— TASK TO CARRY OUT —
All entries are to be reproduced exactly; the pictures are to be omitted.

— GIVEN RECORDS —
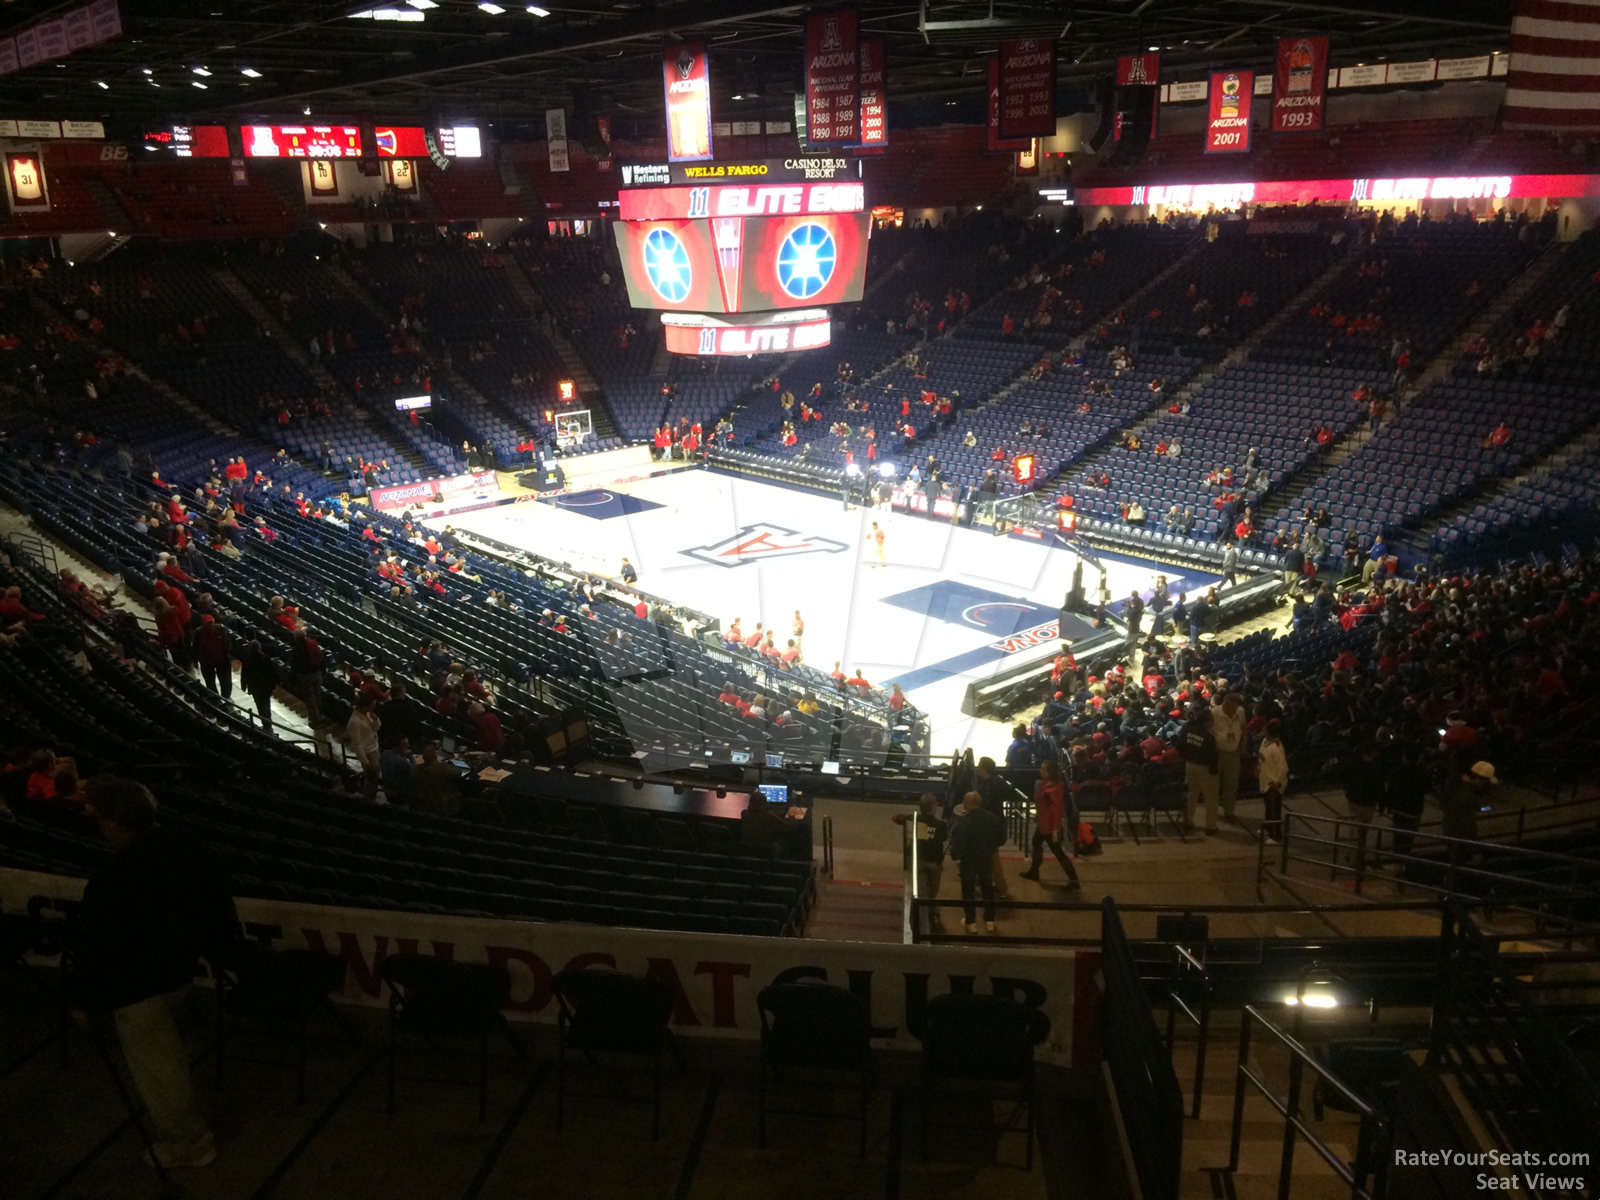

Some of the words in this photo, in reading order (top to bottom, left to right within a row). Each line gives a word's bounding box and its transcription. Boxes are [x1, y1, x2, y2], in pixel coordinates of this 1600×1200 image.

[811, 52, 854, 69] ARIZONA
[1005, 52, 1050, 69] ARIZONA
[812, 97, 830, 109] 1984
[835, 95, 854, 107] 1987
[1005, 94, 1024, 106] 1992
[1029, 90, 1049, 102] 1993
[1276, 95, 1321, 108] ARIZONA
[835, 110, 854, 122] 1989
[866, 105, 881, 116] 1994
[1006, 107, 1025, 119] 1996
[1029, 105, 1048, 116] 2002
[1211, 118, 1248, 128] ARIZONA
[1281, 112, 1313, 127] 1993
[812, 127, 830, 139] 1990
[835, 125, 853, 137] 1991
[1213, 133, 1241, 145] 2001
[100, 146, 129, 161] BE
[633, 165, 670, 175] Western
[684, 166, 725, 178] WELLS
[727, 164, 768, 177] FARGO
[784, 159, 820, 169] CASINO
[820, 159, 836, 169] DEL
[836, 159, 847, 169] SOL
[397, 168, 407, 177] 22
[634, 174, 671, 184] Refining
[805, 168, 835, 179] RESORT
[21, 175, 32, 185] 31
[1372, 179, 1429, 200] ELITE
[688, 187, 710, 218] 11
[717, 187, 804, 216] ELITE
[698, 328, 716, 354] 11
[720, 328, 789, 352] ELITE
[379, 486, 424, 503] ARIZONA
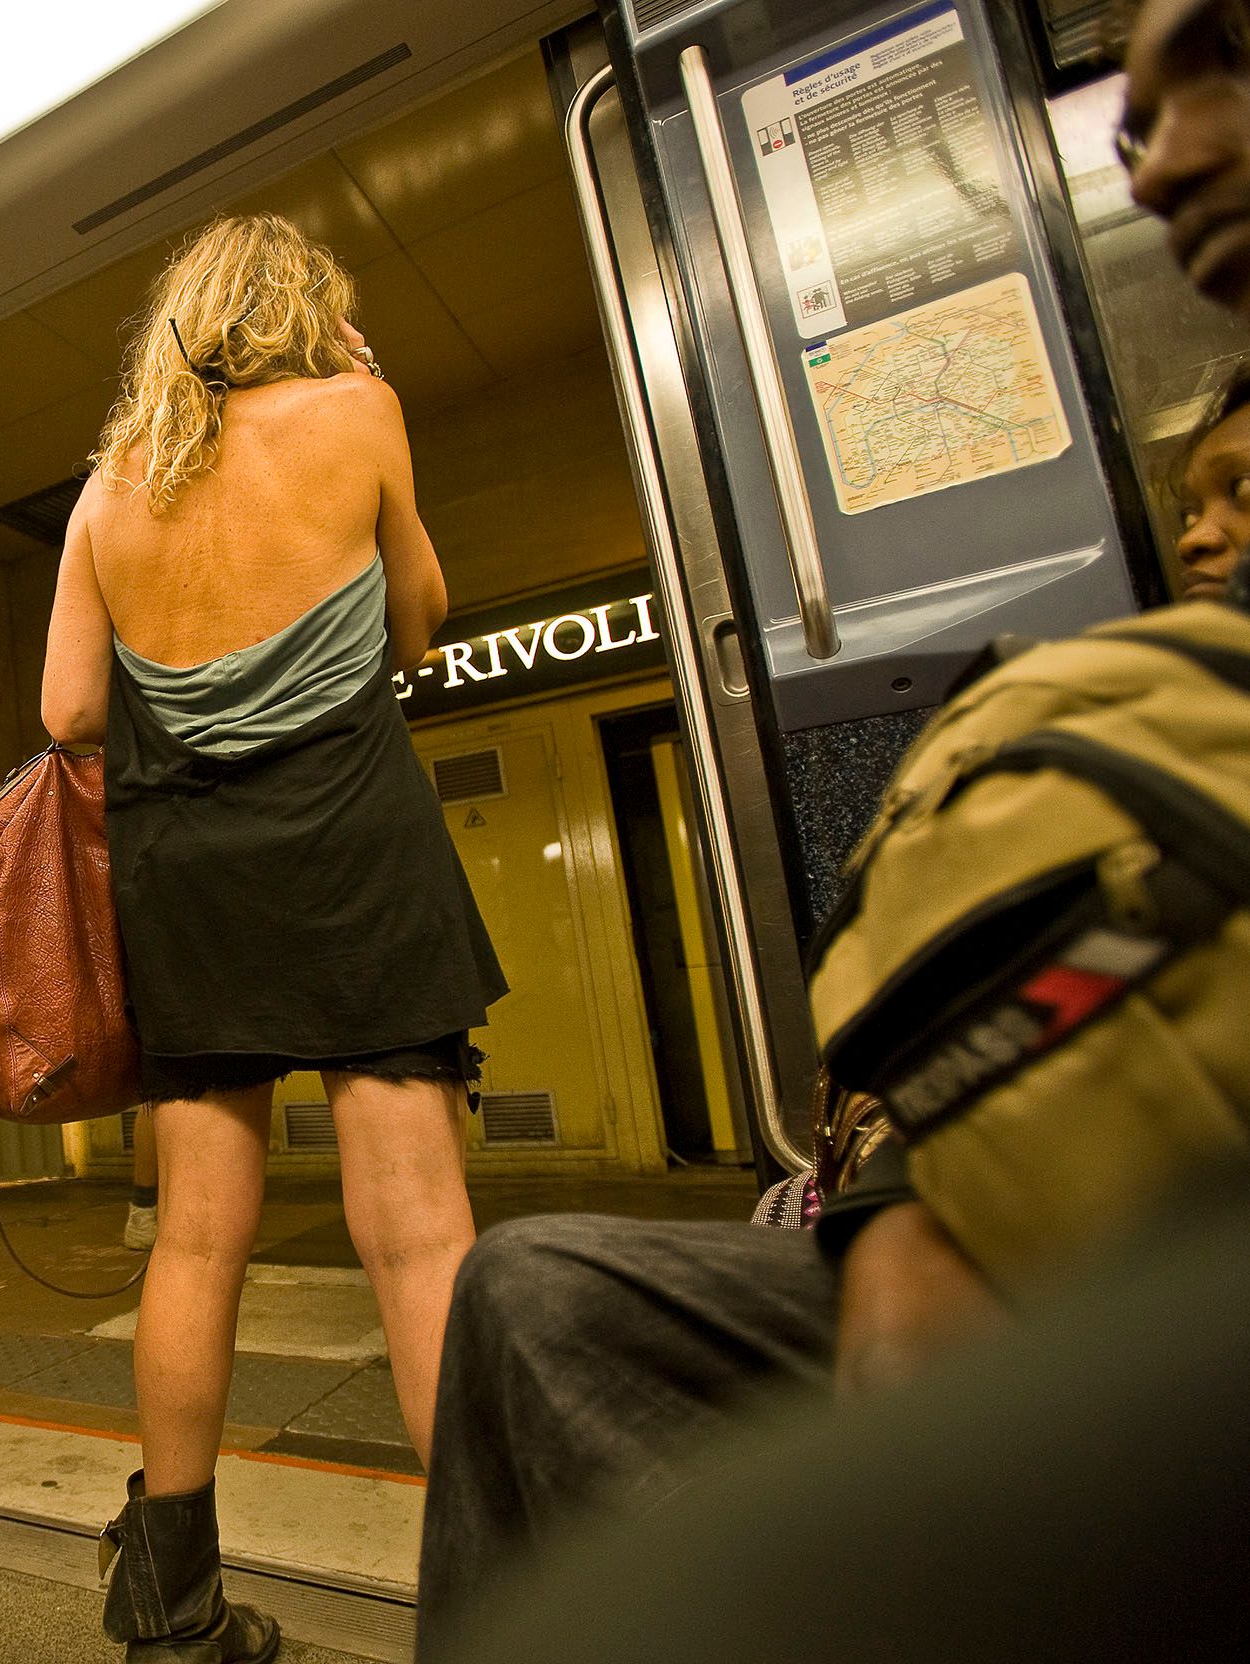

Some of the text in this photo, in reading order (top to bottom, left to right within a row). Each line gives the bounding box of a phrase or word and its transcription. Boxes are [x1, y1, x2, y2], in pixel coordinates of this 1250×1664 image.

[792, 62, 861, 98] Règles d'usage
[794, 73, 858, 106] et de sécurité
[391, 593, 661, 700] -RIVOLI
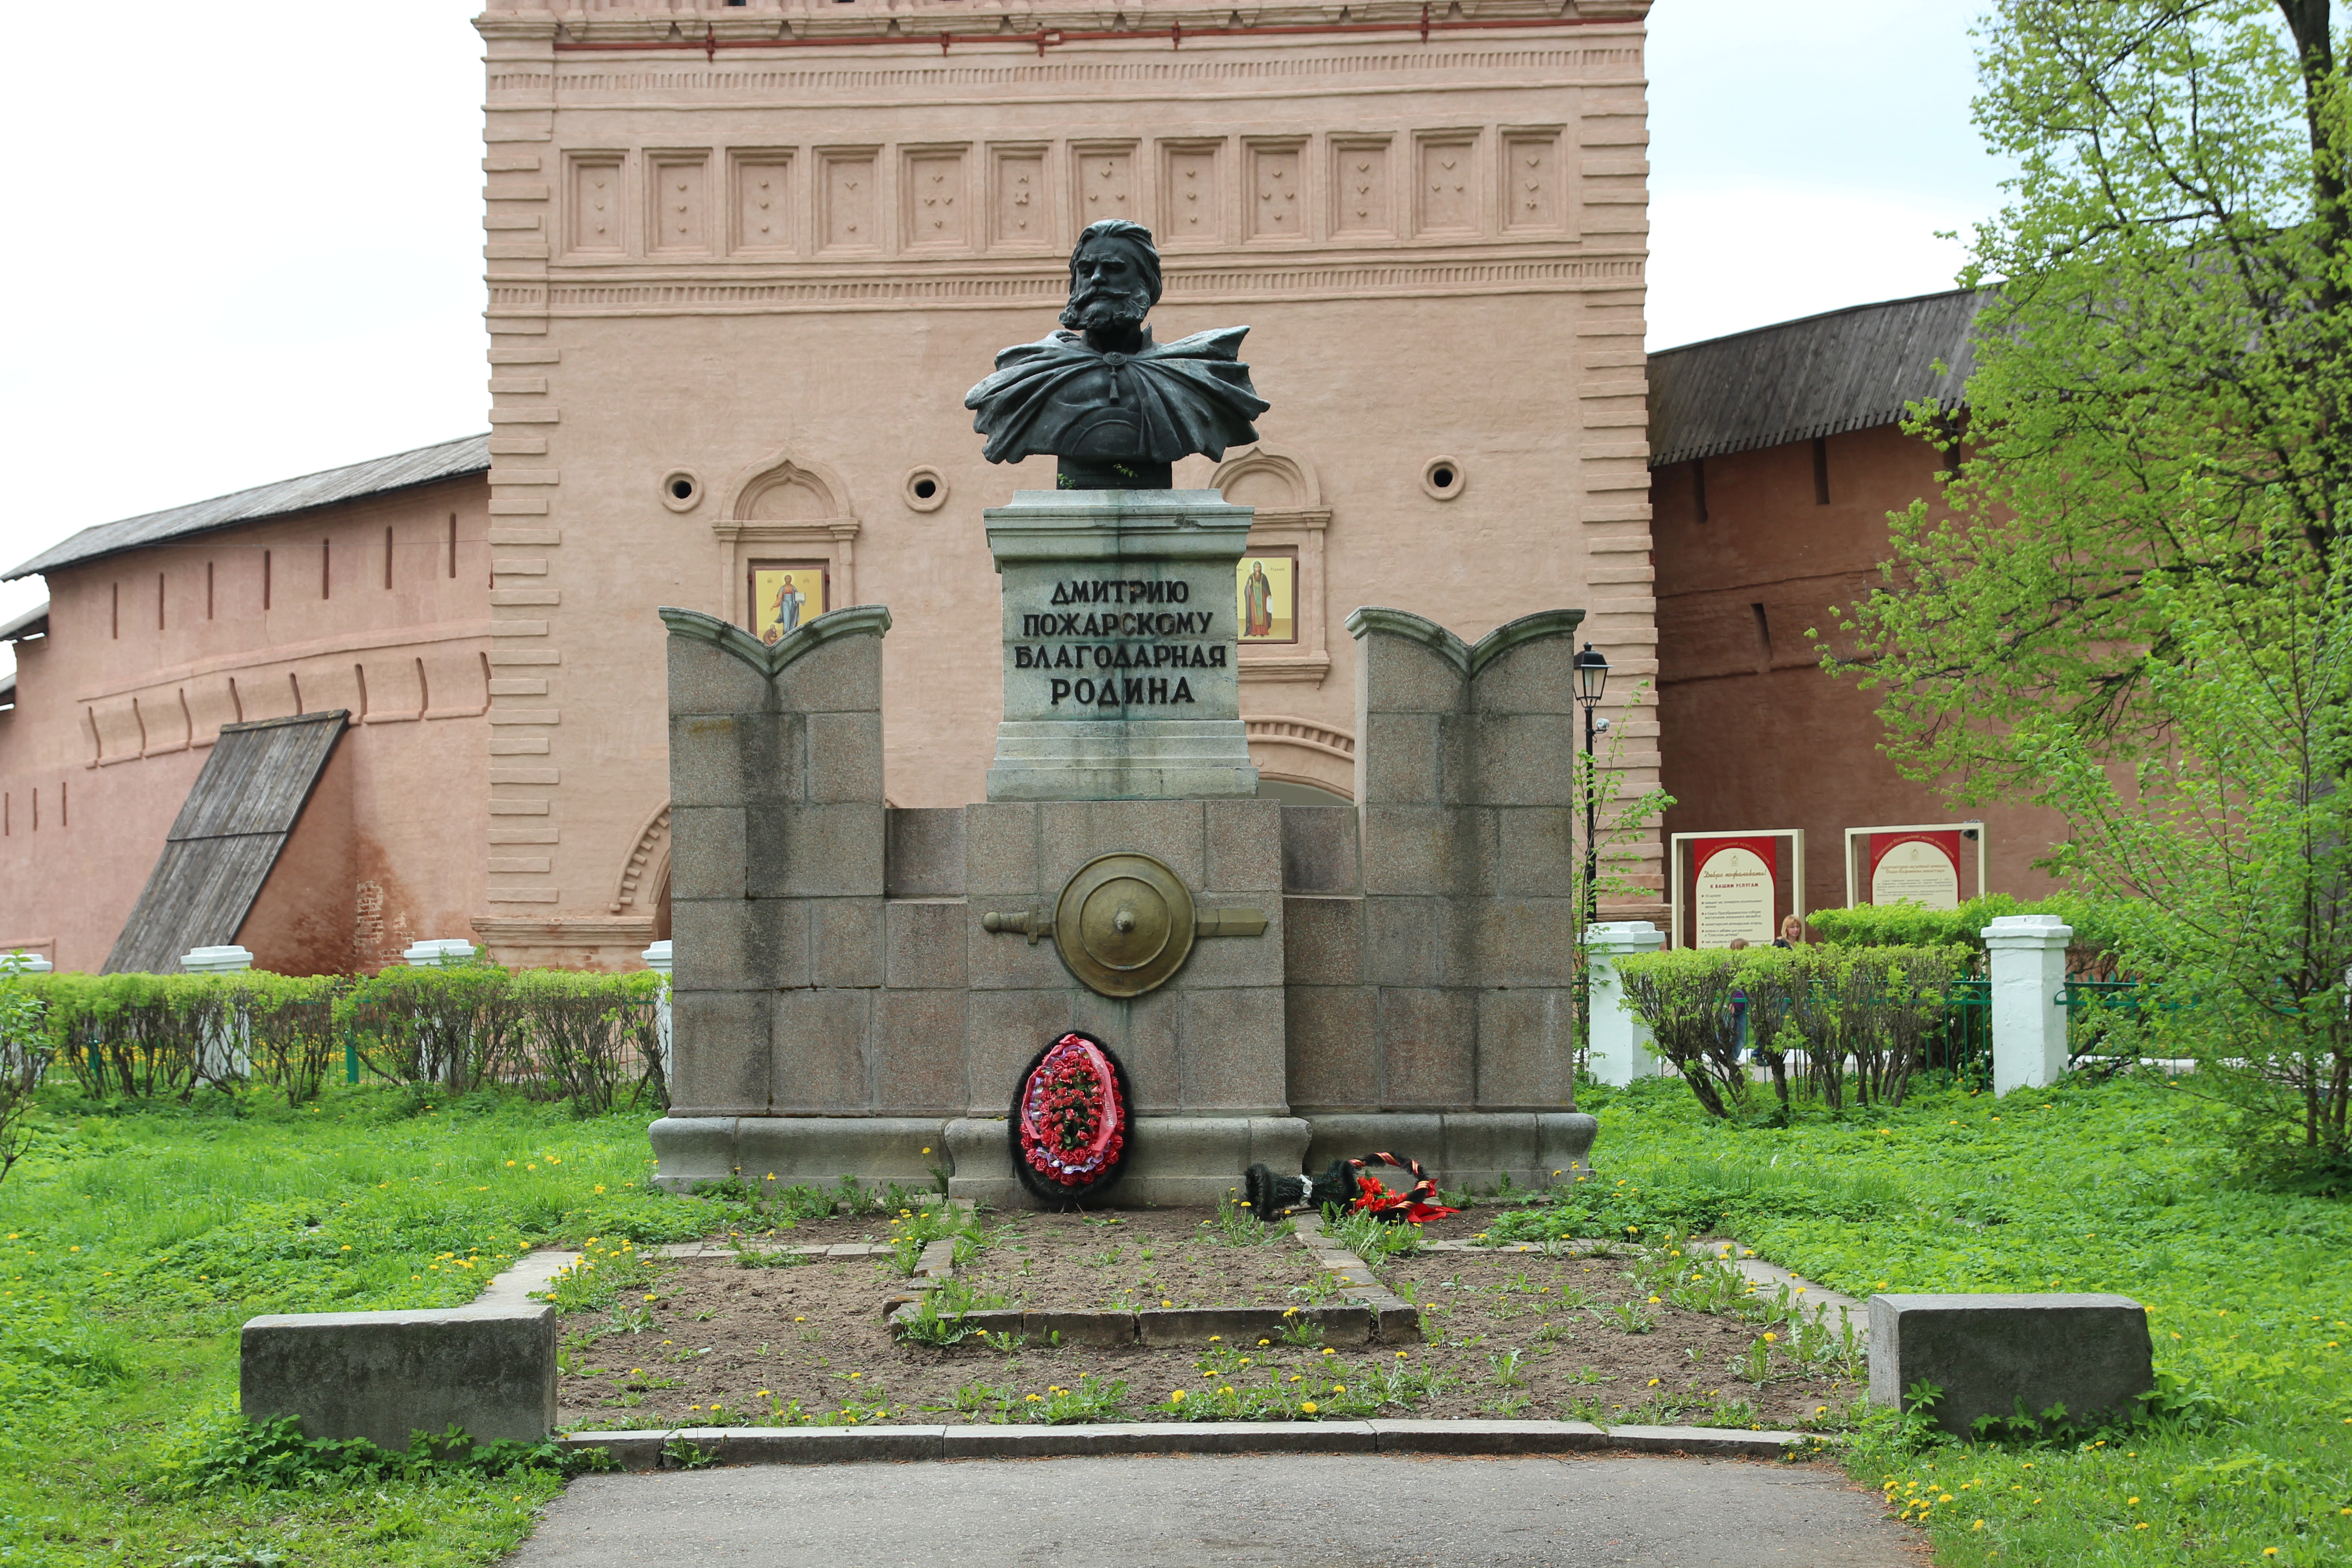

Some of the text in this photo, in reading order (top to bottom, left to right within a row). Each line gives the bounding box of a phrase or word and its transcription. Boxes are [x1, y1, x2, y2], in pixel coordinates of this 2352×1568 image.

— WRITTEN RESPONSE —
Some of the words in this photo, in reading order (top to bottom, left to right within a row). Each line gives a word's bounding box and its transcription. Boxes are [x1, y1, x2, y2], in pixel coordinates of this 1600×1200 image.

[811, 52, 854, 69] ARIZONA
[1005, 52, 1050, 69] ARIZONA
[812, 97, 830, 109] 1984
[835, 95, 854, 107] 1987
[1005, 94, 1024, 106] 1992
[1029, 90, 1049, 102] 1993
[1276, 95, 1321, 108] ARIZONA
[835, 110, 854, 122] 1989
[866, 105, 881, 116] 1994
[1006, 107, 1025, 119] 1996
[1029, 105, 1048, 116] 2002
[1211, 118, 1248, 128] ARIZONA
[1281, 112, 1313, 127] 1993
[812, 127, 830, 139] 1990
[835, 125, 853, 137] 1991
[1213, 133, 1241, 145] 2001
[100, 146, 129, 161] BE
[633, 165, 670, 175] Western
[684, 166, 725, 178] WELLS
[727, 164, 768, 177] FARGO
[784, 159, 820, 169] CASINO
[820, 159, 836, 169] DEL
[836, 159, 847, 169] SOL
[397, 168, 407, 177] 22
[634, 174, 671, 184] Refining
[805, 168, 835, 179] RESORT
[21, 175, 32, 185] 31
[1372, 179, 1429, 200] ELITE
[688, 187, 710, 218] 11
[717, 187, 804, 216] ELITE
[698, 328, 716, 354] 11
[720, 328, 789, 352] ELITE
[379, 486, 424, 503] ARIZONA

Some of the text in this photo, in reading order (top to bottom, left to right within a row). Each line gives the bounding box of a phrase or word and its transcription. Boxes are [x1, y1, x2, y2], in pixel coordinates of this 1250×1664 image.

[792, 62, 861, 98] Règles d'usage
[794, 73, 858, 106] et de sécurité
[391, 593, 661, 700] -RIVOLI

Some of the text in this photo, in reading order (top to bottom, left to right within a row). Each line gives the bounding box of a phrase or word and its transcription. Boxes are [x1, y1, x2, y2], in pixel coordinates of this 2352×1568 image.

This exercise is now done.